Lab Diagnosis of Ideonella sakaiensis
- The morphological and cultural characteristics of the cells grown on NBRC no. 802 agar plate, including cell shape, colony appearance, and pigmentation, were examined.
- Using transmission electron microscopy, the presence of flagella in cells grown in NBRC no. 802 broth at 30 degrees Celsius was analyzed.
- It was also possible to determine the biochemical properties such as catalase, oxidase, MR–VP, and the hydrolysis of casein, esculin, and starch.
- Also, for further verification of species, Polymerase chain reaction (PCR) is used.
Potent applications of Ideonella sakaiensis
The identification of Ideonella sakaiensis may be significant for the breakdown of PET plastics. Before its discovery, only a small number of bacteria and fungi, such as Fusarium solani, were known PET degraders, and no organisms were definitely known to use PET as a primary carbon and energy source.
- The identification of I. sakaiensis and its ability to assimilate PET through hydrolysis, followed by downstream metabolism of its monomers, may offer a potential remedy for biological recycling of PET, either by using I. sakaiensis directly or its PET-hydrolyzing enzymes through metabolic engineering of other organisms.
- PET’s continued biodegradation could be a key innovative technology for a circular economy and the achievement of Sustainable Development Goals.
- Ideonella sakaiensis and other organisms, along with their hydrolyzing enzymes, would be essential for the development of numerous potential applications.
Future of Ideonella sakaiensis
- The majority of water bottles, polyester clothing, and dinner trays are made of PET, so scientists predict that they will be able to use the bacterial species to facilitate widespread biodegradation.
- If applied commercially, experts believe the microbe could be capable of degrading more than 50 million tons of plastic waste each year all over the world.
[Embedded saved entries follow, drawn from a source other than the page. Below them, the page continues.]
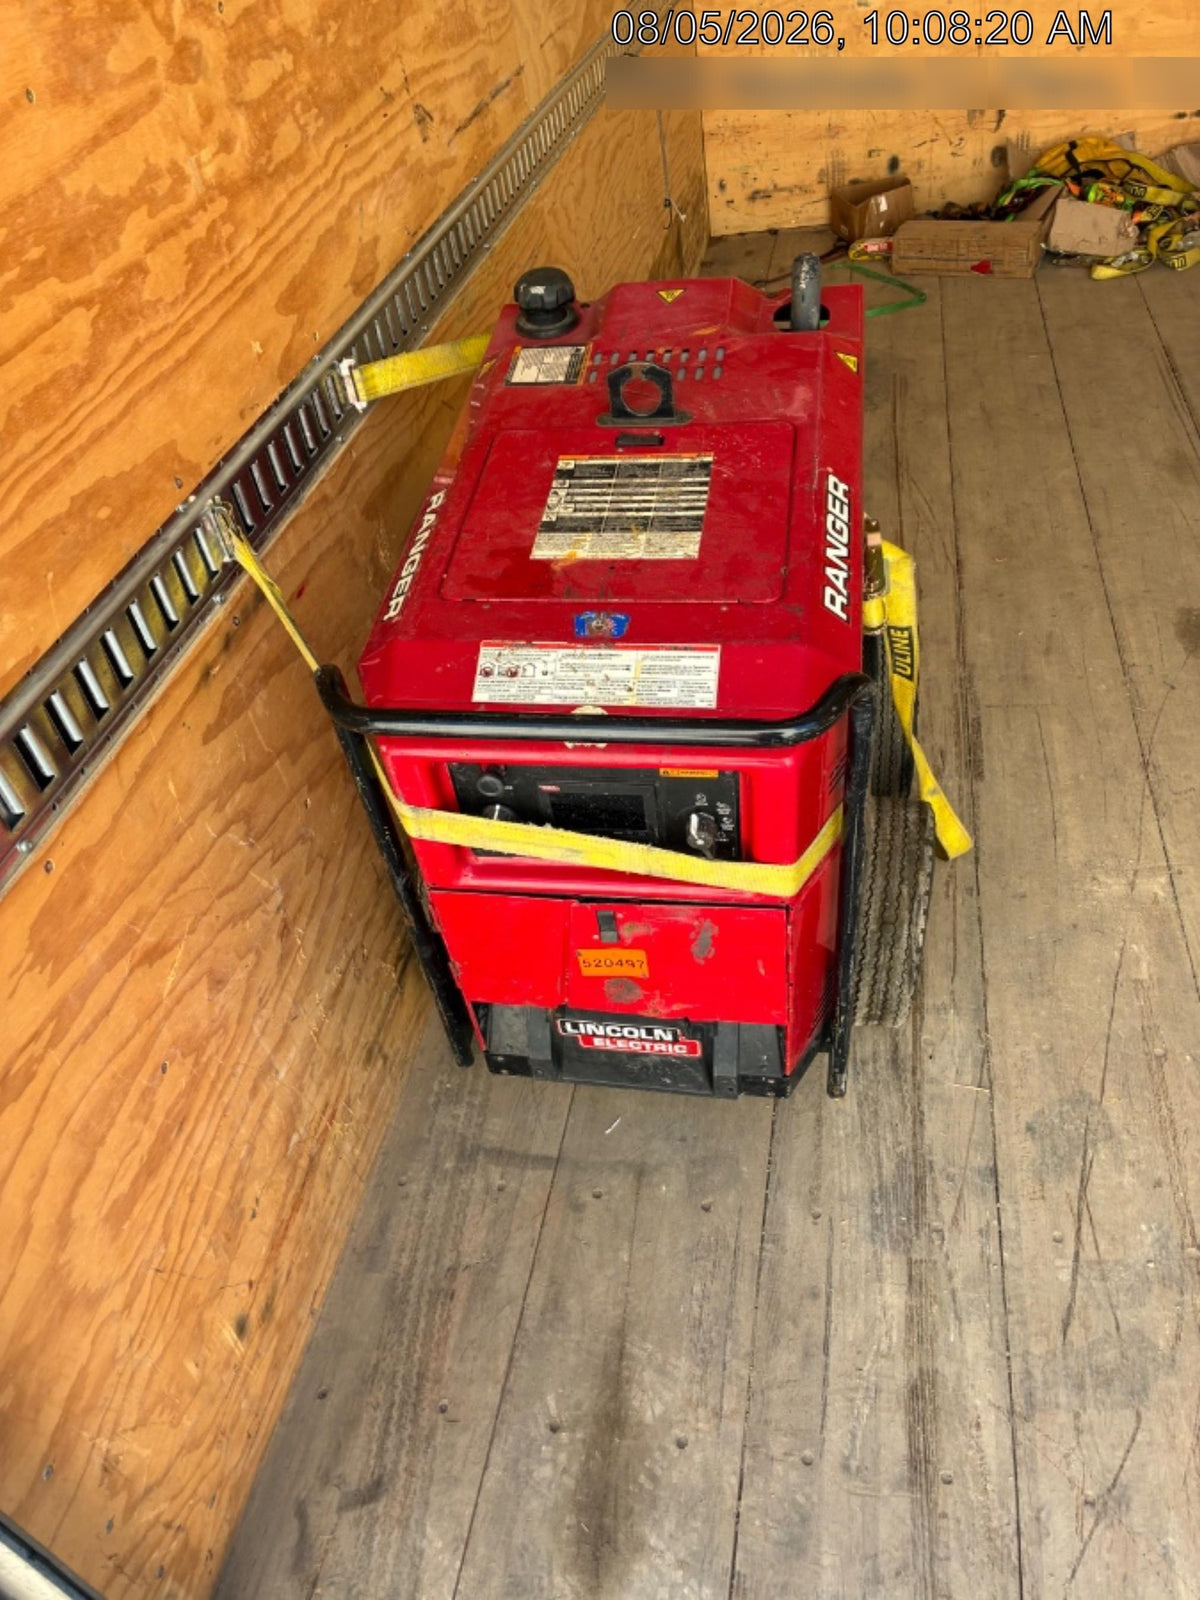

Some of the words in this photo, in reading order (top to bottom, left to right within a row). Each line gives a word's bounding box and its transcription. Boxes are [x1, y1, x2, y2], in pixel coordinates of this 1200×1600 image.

[383, 489, 447, 621] RANGER
[824, 474, 851, 622] RANGER
[890, 627, 914, 679] ULINE
[581, 959, 645, 969] 520497
[564, 1021, 674, 1042] LINCOLN
[592, 1037, 688, 1054] ELECTRIC
- Make plastic into a resource by engineering products.
- Many people also think that it will be easier to find other microbes with similar plastic-degrading traits once more research is done to understand this new classification of bacteria.
- Genetic engineering: Ideonella sakaiensis’s PETase, an enzyme that breaks down PET plastics as well as PEF (polyethylene furanoate) plastics, can be genetically altered and combined with MHETase to break down PET more quickly.